**TRY IT**
Print each entry as it appears. Images stay out of the copy.

[Source data]
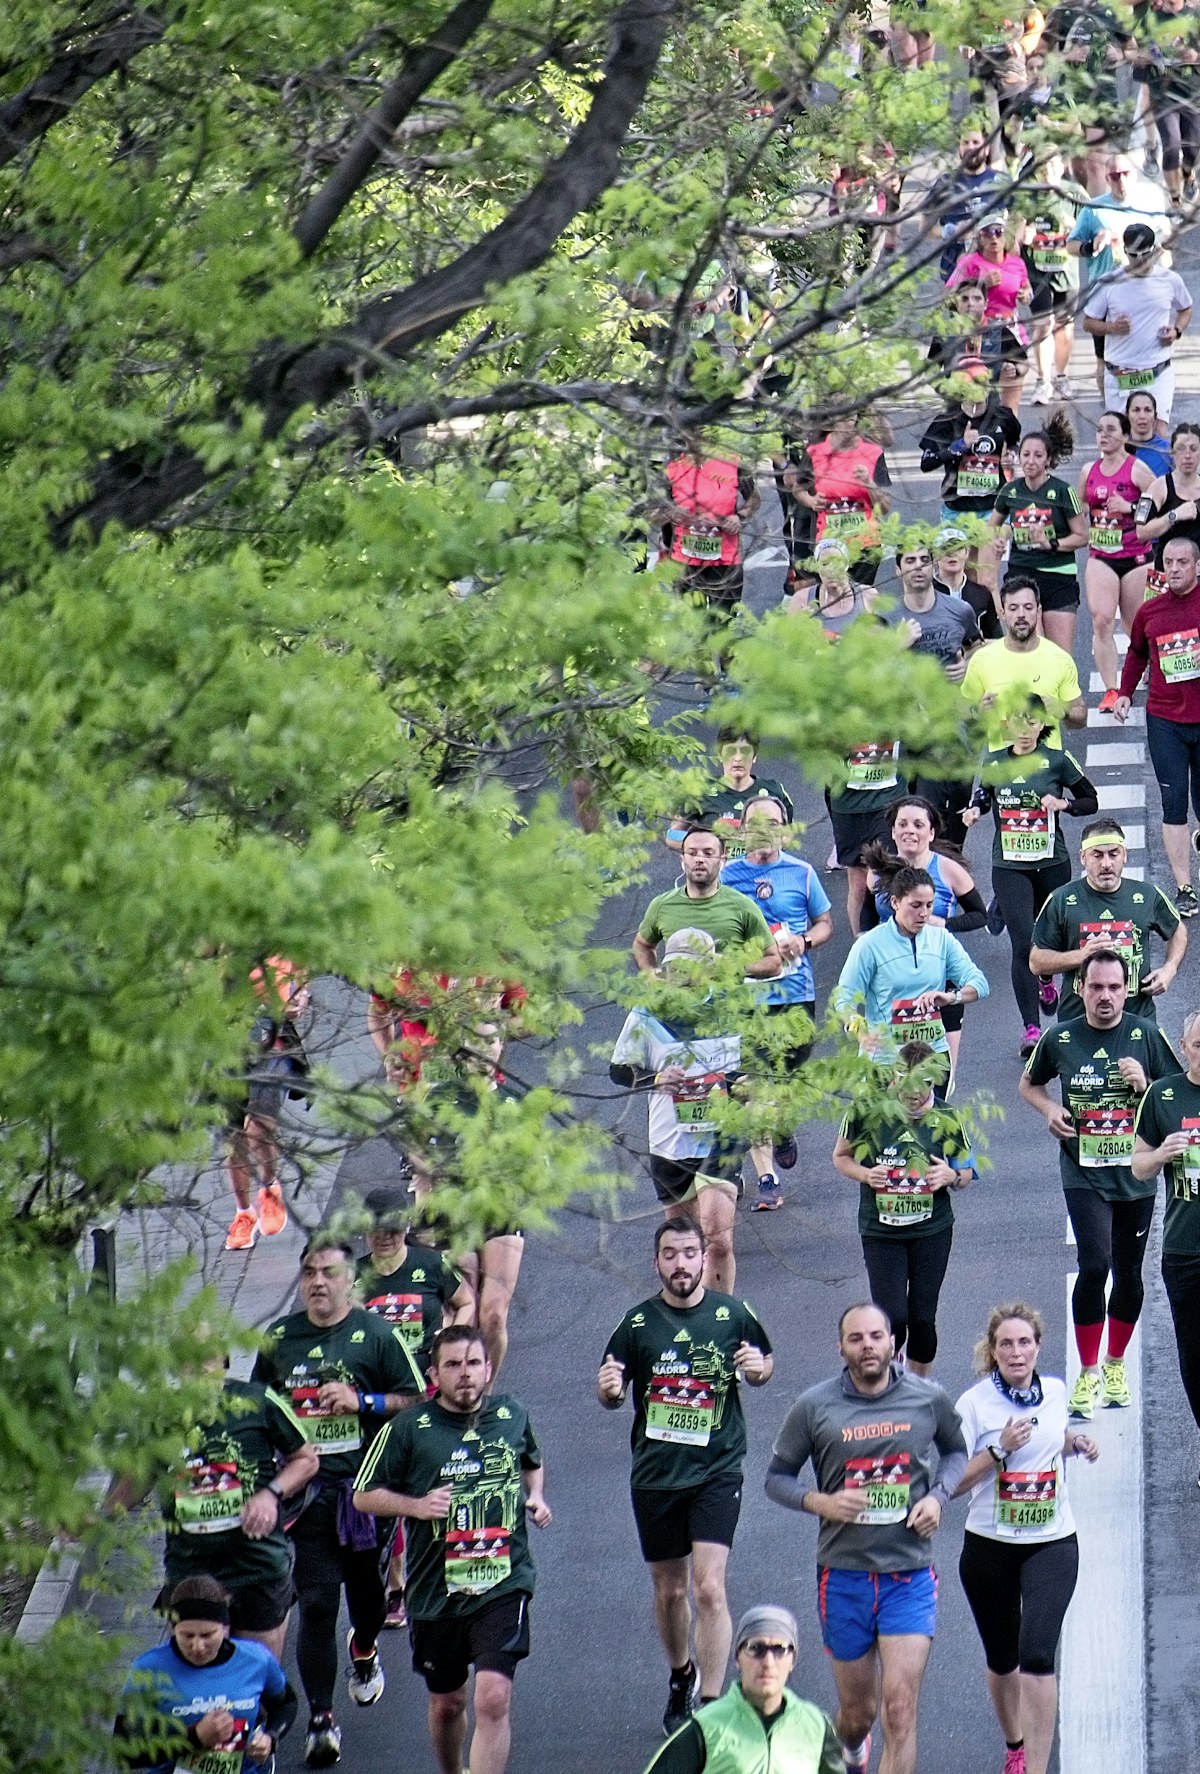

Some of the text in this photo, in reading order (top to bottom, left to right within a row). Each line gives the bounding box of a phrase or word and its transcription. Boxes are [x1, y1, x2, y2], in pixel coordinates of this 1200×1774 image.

[1173, 656, 1196, 670] 40850
[1011, 837, 1040, 850] F41915
[1080, 1064, 1095, 1075] edp
[1070, 1077, 1104, 1087] MADRID
[1101, 1111, 1113, 1120] edp
[884, 1147, 897, 1157] edp
[1097, 1142, 1125, 1156] 42804
[661, 1350, 677, 1363] edp
[652, 1365, 690, 1376] MADRID
[668, 1412, 699, 1429] 42859
[316, 1422, 347, 1439] 42384
[452, 1450, 468, 1462] edp
[440, 1465, 481, 1477] MADRID
[865, 1492, 897, 1509] 2630
[1009, 1506, 1047, 1524] F41439
[467, 1563, 499, 1581] 41500
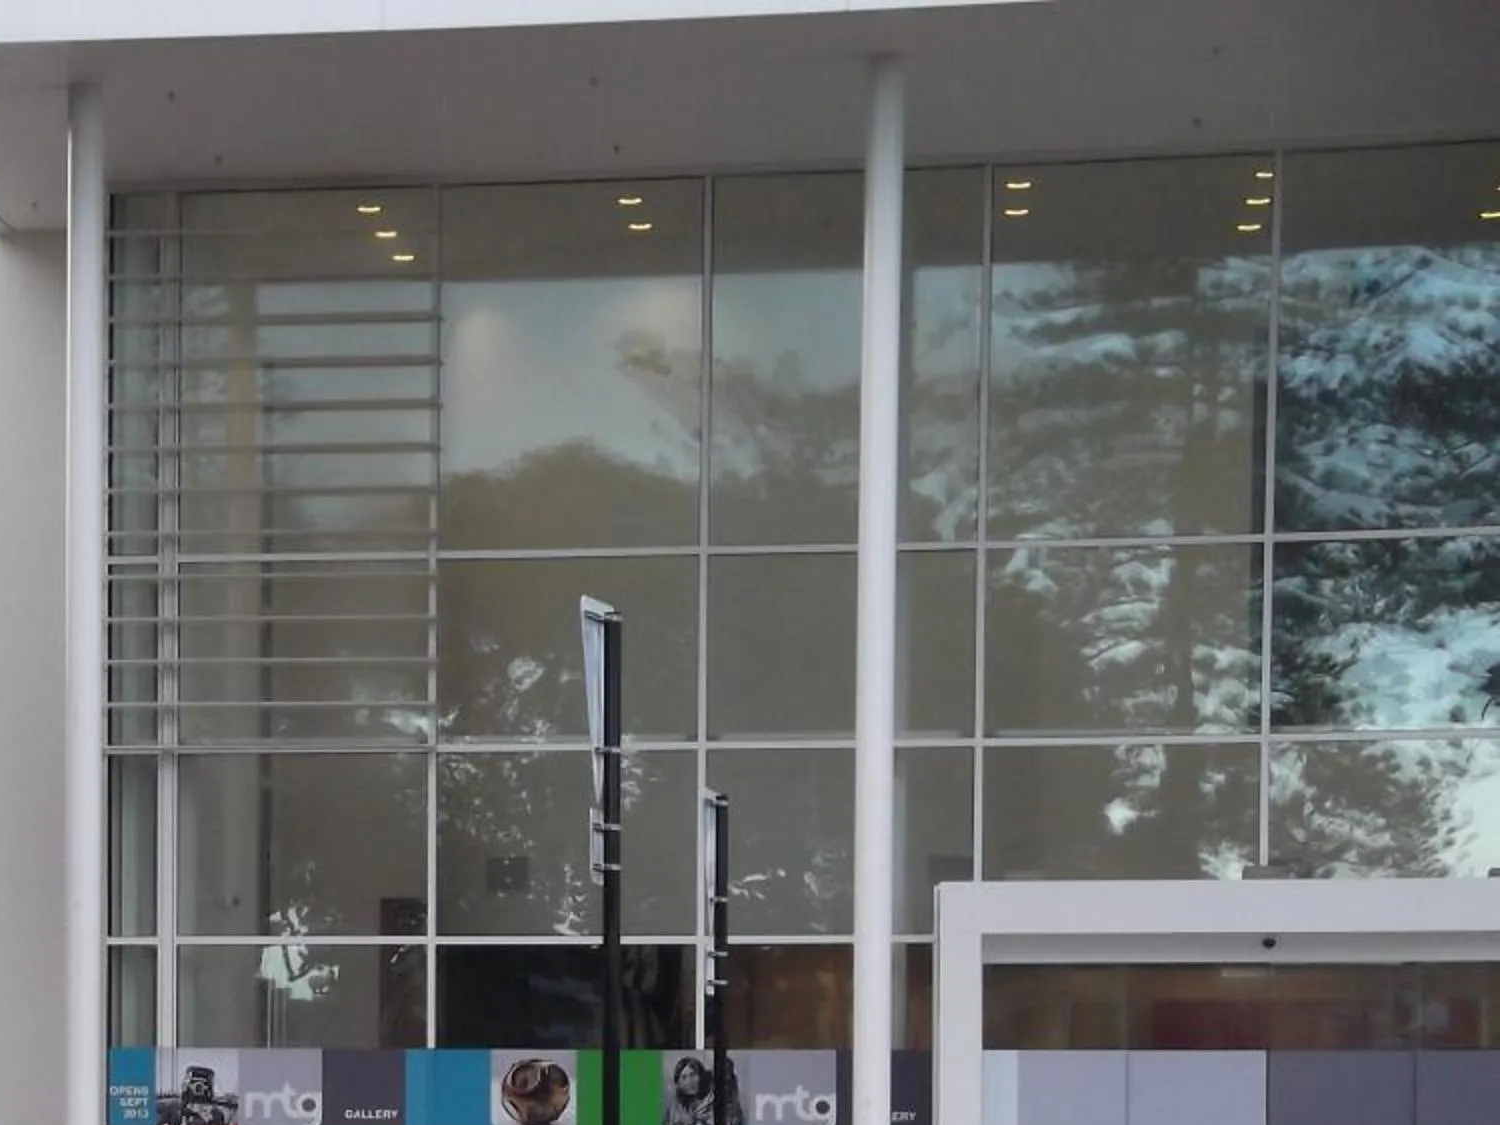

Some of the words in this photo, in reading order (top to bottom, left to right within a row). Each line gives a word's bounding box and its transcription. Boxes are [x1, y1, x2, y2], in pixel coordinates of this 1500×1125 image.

**EXPECTED ANSWER**
Some of the text in this photo, in reading order (top to bottom, left to right within a row). Each line gives the bounding box of a phrase or word and its transcription. Boxes are [x1, y1, x2, y2], in pixel coordinates of this 1200×1774 image.

[1173, 656, 1196, 670] 40850
[1011, 837, 1040, 850] F41915
[1080, 1064, 1095, 1075] edp
[1070, 1077, 1104, 1087] MADRID
[1101, 1111, 1113, 1120] edp
[884, 1147, 897, 1157] edp
[1097, 1142, 1125, 1156] 42804
[661, 1350, 677, 1363] edp
[652, 1365, 690, 1376] MADRID
[668, 1412, 699, 1429] 42859
[316, 1422, 347, 1439] 42384
[452, 1450, 468, 1462] edp
[440, 1465, 481, 1477] MADRID
[865, 1492, 897, 1509] 2630
[1009, 1506, 1047, 1524] F41439
[467, 1563, 499, 1581] 41500

Some of the words in this photo, in reading order (top to bottom, left to right within a row). Each line gives a word's bounding box and its transcription. Boxes are [x1, y1, x2, y2], in pixel coordinates of this 1500×1125 image.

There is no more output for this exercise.